I have noticed myself getting very nervous before a chess game, in a way that has been uncharacteristic of me. It's interesting that this happens. Looking back at my life, the main other times this happens are
- When I was a child, playing a game (Wawayaya) online where there is a level with a big monster,
- The first few times I was doing mock trading online.
The 3 experiences all have me feeling exposed, where I need to perform at the moment but do not have enough time to prepare and be ready. I spent a lot of time preparing for my first chess game, getting lessons from a Grandmaster coach and studying my opponent's game deeply. That was helpful, of course. None of the prep was needed since my opponent blundered around move 5.
Why do I feel such a need to prepare? There is some concept like "internal narrative clarity" here. With mathematics it is easy to say "I will practice and perform at a certain level, and there is a deterministic function mapping from my preparation to if I do well". There is an opponent in a chess game that I am playing against.
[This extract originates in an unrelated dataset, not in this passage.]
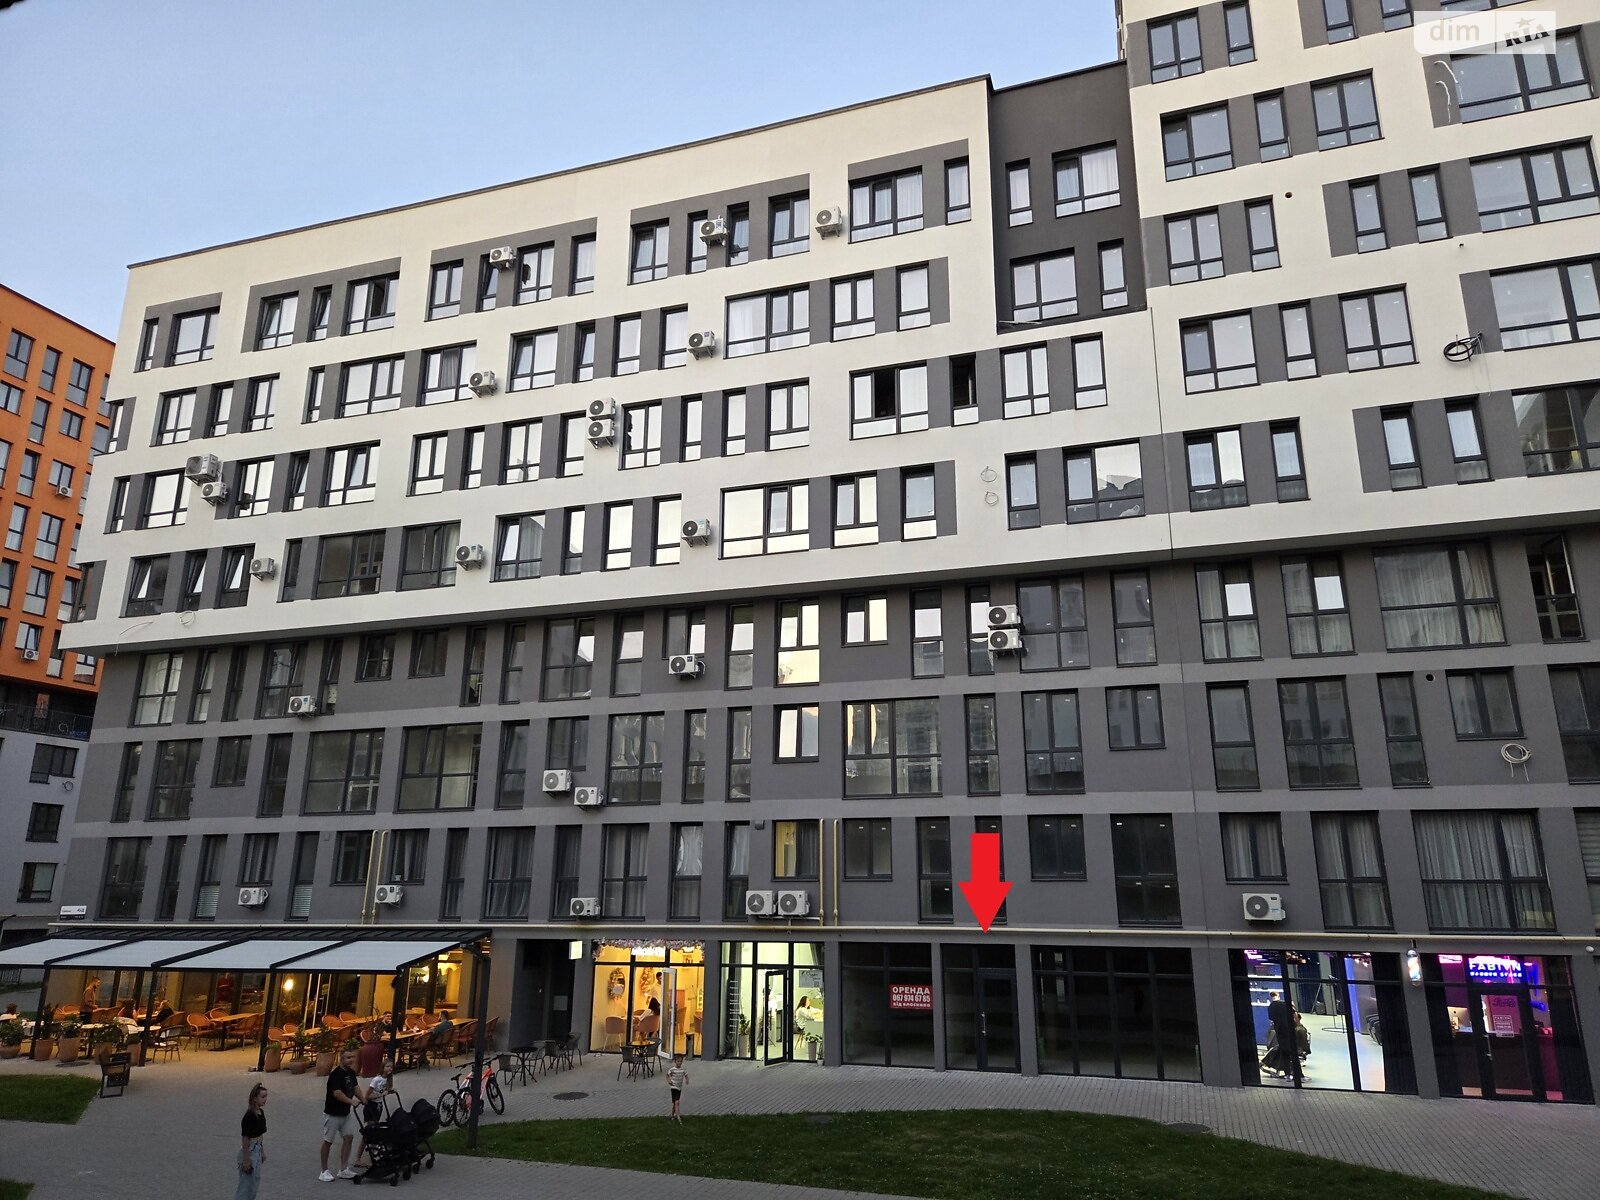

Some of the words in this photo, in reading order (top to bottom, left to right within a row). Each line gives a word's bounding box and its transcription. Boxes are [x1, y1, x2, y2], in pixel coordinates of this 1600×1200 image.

[892, 986, 930, 995] ОРЕНДА
[892, 994, 903, 1002] 067
[915, 994, 922, 1002] 67
Unlike a team game, where I can put part of the cognitive load of the win/loss result on them, I need to bear it directly here. The result is that I feel terrible when I lose, since it is a sign that I did not prepare enough, and I don't feel great when I win since I can still see all the improvements I could have made.
The chess engine
Chess is a solved game in many ways. Stockfish is better than any human at playing the game and is cheap to run on my local computer. As a beginner, I find myself often looking to stockfish as gospel and trusting that I need to follow its ideas in every move that I play. However, it is impossible for me to imitate stockfish exactly as a human, and this often brings me into a trap where I pick up only the basic ideas of stockfish and leave massive holes in my game plan.
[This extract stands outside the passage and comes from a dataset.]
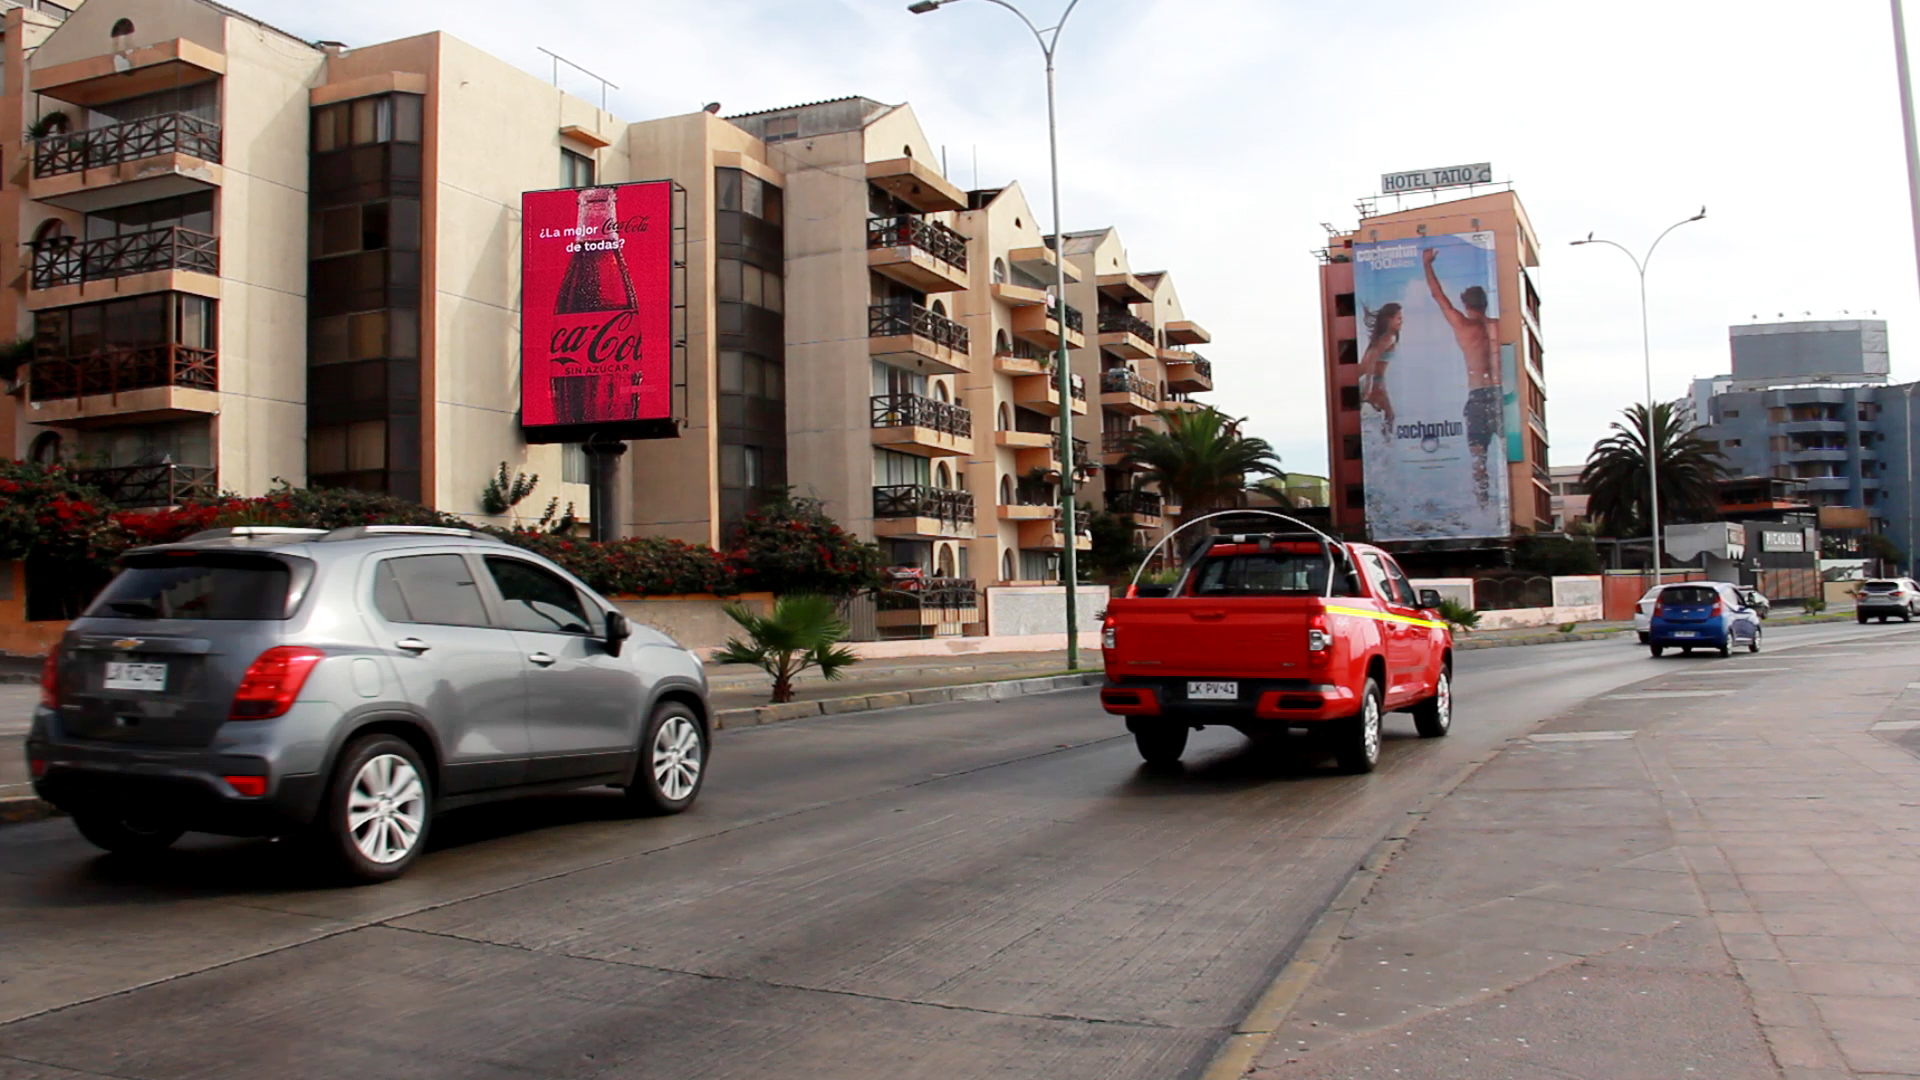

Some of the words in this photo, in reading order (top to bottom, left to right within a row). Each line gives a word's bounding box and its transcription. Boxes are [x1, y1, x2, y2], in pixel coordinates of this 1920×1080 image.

For most of chess history, people did not play chess like this. It is just another board game, no different from splendor or ticket to ride. In these games, much like in chess, it is possible to learn how to play it well without the engine. The lessons I learn from playing in those games tend to be "what are the types of plans that I should follow". While looking at an engine can tell me where my final right / wrong move is, it does not distill what I see on the board into a plan.
The opening preparation
The opening of a chess game is very studyable. There are only so many good moves people can make, and a little bit of memorization goes along way. These attributes of the opening phase make me want to over-fixate on preparing it well, and it is indeed not hard.
My current method of prep is to use a mix of chessable practice exercise and raw opening explorer. From a starting position, there are only so many types of moves that are considered main line. Memorizing 30 or so lines is enough to cover white and black repertoire to move 5, and people at my level rarely follow the opening tree beyond this point. The only case I know of are specific Sicilian lines where there is an early exchange, which feel not particularly difficult to think through as well.
For my level (around 1000 elo), I am already great at openings. I consistently come out of early opening phase (move 8 or so) with an advantage compared to my opponent, around +1 eval for white and 0 for black. That is an opening success by all accounts. However, with the little amounts of middle and endgames I play, this advantage goes away pretty quickly. Part of what I need to remember here is that chess at my level is very rarely won or lost from the opening, and there is nothing more I can learn that will make myself immediately better from the opening phase.
What should I focus on in chess?
A collection of tips that I would like to leave for myself.
- Playing more games help. There are certain ideas about "what sort of plans are valid in a chess game" that I can only learn from playing.
- Playing humans is better than playing bots, and I should set myself some goal like "play one game of chess a day against a human and don't worry about the rating". Perhaps even setting a goal of "I must lose this many rating points by this date" will be good.
- It helps to have a plan in the endgame and leave myself with enough time.
- For each post-opening phase where I have a positional advantage, there is some sort of plan that works.
- Do more tactical puzzles with any book that I have. They are all pretty good.